What is needed: Give every line of the listing back, exactly as written.
════
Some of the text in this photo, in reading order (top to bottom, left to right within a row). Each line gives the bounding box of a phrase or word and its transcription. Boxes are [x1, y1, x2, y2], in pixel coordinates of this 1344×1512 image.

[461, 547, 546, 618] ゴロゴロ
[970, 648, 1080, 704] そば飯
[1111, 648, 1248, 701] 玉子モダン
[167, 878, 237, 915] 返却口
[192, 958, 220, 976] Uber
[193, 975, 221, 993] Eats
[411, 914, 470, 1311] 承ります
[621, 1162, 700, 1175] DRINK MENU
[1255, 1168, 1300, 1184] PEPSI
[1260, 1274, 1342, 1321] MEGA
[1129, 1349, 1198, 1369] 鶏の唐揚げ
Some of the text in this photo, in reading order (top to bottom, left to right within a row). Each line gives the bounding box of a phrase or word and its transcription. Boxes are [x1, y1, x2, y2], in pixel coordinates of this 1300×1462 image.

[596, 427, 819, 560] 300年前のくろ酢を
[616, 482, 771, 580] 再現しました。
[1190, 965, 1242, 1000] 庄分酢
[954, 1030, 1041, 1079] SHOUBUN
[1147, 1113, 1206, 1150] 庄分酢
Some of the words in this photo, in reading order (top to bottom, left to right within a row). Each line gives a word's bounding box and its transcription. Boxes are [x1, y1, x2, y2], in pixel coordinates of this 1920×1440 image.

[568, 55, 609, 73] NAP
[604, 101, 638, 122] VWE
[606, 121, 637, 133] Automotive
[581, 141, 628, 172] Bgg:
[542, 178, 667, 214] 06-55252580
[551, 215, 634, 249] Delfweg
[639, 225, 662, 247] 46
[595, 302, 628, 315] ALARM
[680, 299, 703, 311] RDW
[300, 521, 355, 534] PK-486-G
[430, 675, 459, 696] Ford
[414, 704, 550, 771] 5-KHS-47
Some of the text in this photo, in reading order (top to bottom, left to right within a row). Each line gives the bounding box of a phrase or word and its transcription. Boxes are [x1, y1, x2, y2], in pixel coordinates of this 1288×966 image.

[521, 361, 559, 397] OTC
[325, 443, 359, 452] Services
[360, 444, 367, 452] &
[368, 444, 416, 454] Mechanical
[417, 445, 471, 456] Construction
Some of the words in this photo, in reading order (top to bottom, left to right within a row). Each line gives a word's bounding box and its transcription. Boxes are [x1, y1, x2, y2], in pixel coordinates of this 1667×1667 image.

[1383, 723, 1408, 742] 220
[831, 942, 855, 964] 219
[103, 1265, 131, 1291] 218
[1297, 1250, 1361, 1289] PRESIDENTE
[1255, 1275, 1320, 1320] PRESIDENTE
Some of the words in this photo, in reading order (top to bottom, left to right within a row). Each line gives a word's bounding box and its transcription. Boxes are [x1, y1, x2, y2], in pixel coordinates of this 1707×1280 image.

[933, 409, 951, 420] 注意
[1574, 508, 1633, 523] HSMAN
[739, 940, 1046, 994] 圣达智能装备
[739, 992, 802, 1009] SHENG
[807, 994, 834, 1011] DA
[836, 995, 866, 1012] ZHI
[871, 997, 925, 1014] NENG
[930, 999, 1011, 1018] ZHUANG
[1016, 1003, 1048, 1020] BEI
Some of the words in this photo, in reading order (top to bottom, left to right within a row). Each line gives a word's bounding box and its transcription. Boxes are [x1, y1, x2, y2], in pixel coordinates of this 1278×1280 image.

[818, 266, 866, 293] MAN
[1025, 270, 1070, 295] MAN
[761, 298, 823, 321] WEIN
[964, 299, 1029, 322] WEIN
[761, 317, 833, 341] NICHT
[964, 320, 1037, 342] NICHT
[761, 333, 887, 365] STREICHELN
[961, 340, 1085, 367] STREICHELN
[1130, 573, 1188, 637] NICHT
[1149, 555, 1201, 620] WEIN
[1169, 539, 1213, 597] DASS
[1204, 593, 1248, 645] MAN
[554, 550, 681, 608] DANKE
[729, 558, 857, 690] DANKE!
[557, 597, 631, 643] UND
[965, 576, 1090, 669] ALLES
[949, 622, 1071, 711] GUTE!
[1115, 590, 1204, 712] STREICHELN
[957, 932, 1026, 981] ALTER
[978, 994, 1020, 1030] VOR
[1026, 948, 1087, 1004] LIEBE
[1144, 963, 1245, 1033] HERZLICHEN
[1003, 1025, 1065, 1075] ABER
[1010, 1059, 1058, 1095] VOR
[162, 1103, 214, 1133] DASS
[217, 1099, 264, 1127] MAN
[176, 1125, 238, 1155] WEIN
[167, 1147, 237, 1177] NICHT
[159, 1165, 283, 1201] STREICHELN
════
Completed task:
Some of the text in this photo, in reading order (top to bottom, left to right within a row). Each line gives the bounding box of a phrase or word and its transcription. Boxes are [x1, y1, x2, y2], in pixel coordinates of this 1344×1512 image.

[461, 547, 546, 618] ゴロゴロ
[970, 648, 1080, 704] そば飯
[1111, 648, 1248, 701] 玉子モダン
[167, 878, 237, 915] 返却口
[192, 958, 220, 976] Uber
[193, 975, 221, 993] Eats
[411, 914, 470, 1311] 承ります
[621, 1162, 700, 1175] DRINK MENU
[1255, 1168, 1300, 1184] PEPSI
[1260, 1274, 1342, 1321] MEGA
[1129, 1349, 1198, 1369] 鶏の唐揚げ
Some of the text in this photo, in reading order (top to bottom, left to right within a row). Each line gives the bounding box of a phrase or word and its transcription. Boxes are [x1, y1, x2, y2], in pixel coordinates of this 1300×1462 image.

[596, 427, 819, 560] 300年前のくろ酢を
[616, 482, 771, 580] 再現しました。
[1190, 965, 1242, 1000] 庄分酢
[954, 1030, 1041, 1079] SHOUBUN
[1147, 1113, 1206, 1150] 庄分酢
Some of the words in this photo, in reading order (top to bottom, left to right within a row). Each line gives a word's bounding box and its transcription. Boxes are [x1, y1, x2, y2], in pixel coordinates of this 1920×1440 image.

[568, 55, 609, 73] NAP
[604, 101, 638, 122] VWE
[606, 121, 637, 133] Automotive
[581, 141, 628, 172] Bgg:
[542, 178, 667, 214] 06-55252580
[551, 215, 634, 249] Delfweg
[639, 225, 662, 247] 46
[595, 302, 628, 315] ALARM
[680, 299, 703, 311] RDW
[300, 521, 355, 534] PK-486-G
[430, 675, 459, 696] Ford
[414, 704, 550, 771] 5-KHS-47
Some of the text in this photo, in reading order (top to bottom, left to right within a row). Each line gives the bounding box of a phrase or word and its transcription. Boxes are [x1, y1, x2, y2], in pixel coordinates of this 1288×966 image.

[521, 361, 559, 397] OTC
[325, 443, 359, 452] Services
[360, 444, 367, 452] &
[368, 444, 416, 454] Mechanical
[417, 445, 471, 456] Construction
Some of the words in this photo, in reading order (top to bottom, left to right within a row). Each line gives a word's bounding box and its transcription. Boxes are [x1, y1, x2, y2], in pixel coordinates of this 1667×1667 image.

[1383, 723, 1408, 742] 220
[831, 942, 855, 964] 219
[103, 1265, 131, 1291] 218
[1297, 1250, 1361, 1289] PRESIDENTE
[1255, 1275, 1320, 1320] PRESIDENTE
Some of the words in this photo, in reading order (top to bottom, left to right within a row). Each line gives a word's bounding box and its transcription. Boxes are [x1, y1, x2, y2], in pixel coordinates of this 1707×1280 image.

[933, 409, 951, 420] 注意
[1574, 508, 1633, 523] HSMAN
[739, 940, 1046, 994] 圣达智能装备
[739, 992, 802, 1009] SHENG
[807, 994, 834, 1011] DA
[836, 995, 866, 1012] ZHI
[871, 997, 925, 1014] NENG
[930, 999, 1011, 1018] ZHUANG
[1016, 1003, 1048, 1020] BEI
Some of the words in this photo, in reading order (top to bottom, left to right within a row). Each line gives a word's bounding box and its transcription. Boxes are [x1, y1, x2, y2], in pixel coordinates of this 1278×1280 image.

[818, 266, 866, 293] MAN
[1025, 270, 1070, 295] MAN
[761, 298, 823, 321] WEIN
[964, 299, 1029, 322] WEIN
[761, 317, 833, 341] NICHT
[964, 320, 1037, 342] NICHT
[761, 333, 887, 365] STREICHELN
[961, 340, 1085, 367] STREICHELN
[1130, 573, 1188, 637] NICHT
[1149, 555, 1201, 620] WEIN
[1169, 539, 1213, 597] DASS
[1204, 593, 1248, 645] MAN
[554, 550, 681, 608] DANKE
[729, 558, 857, 690] DANKE!
[557, 597, 631, 643] UND
[965, 576, 1090, 669] ALLES
[949, 622, 1071, 711] GUTE!
[1115, 590, 1204, 712] STREICHELN
[957, 932, 1026, 981] ALTER
[978, 994, 1020, 1030] VOR
[1026, 948, 1087, 1004] LIEBE
[1144, 963, 1245, 1033] HERZLICHEN
[1003, 1025, 1065, 1075] ABER
[1010, 1059, 1058, 1095] VOR
[162, 1103, 214, 1133] DASS
[217, 1099, 264, 1127] MAN
[176, 1125, 238, 1155] WEIN
[167, 1147, 237, 1177] NICHT
[159, 1165, 283, 1201] STREICHELN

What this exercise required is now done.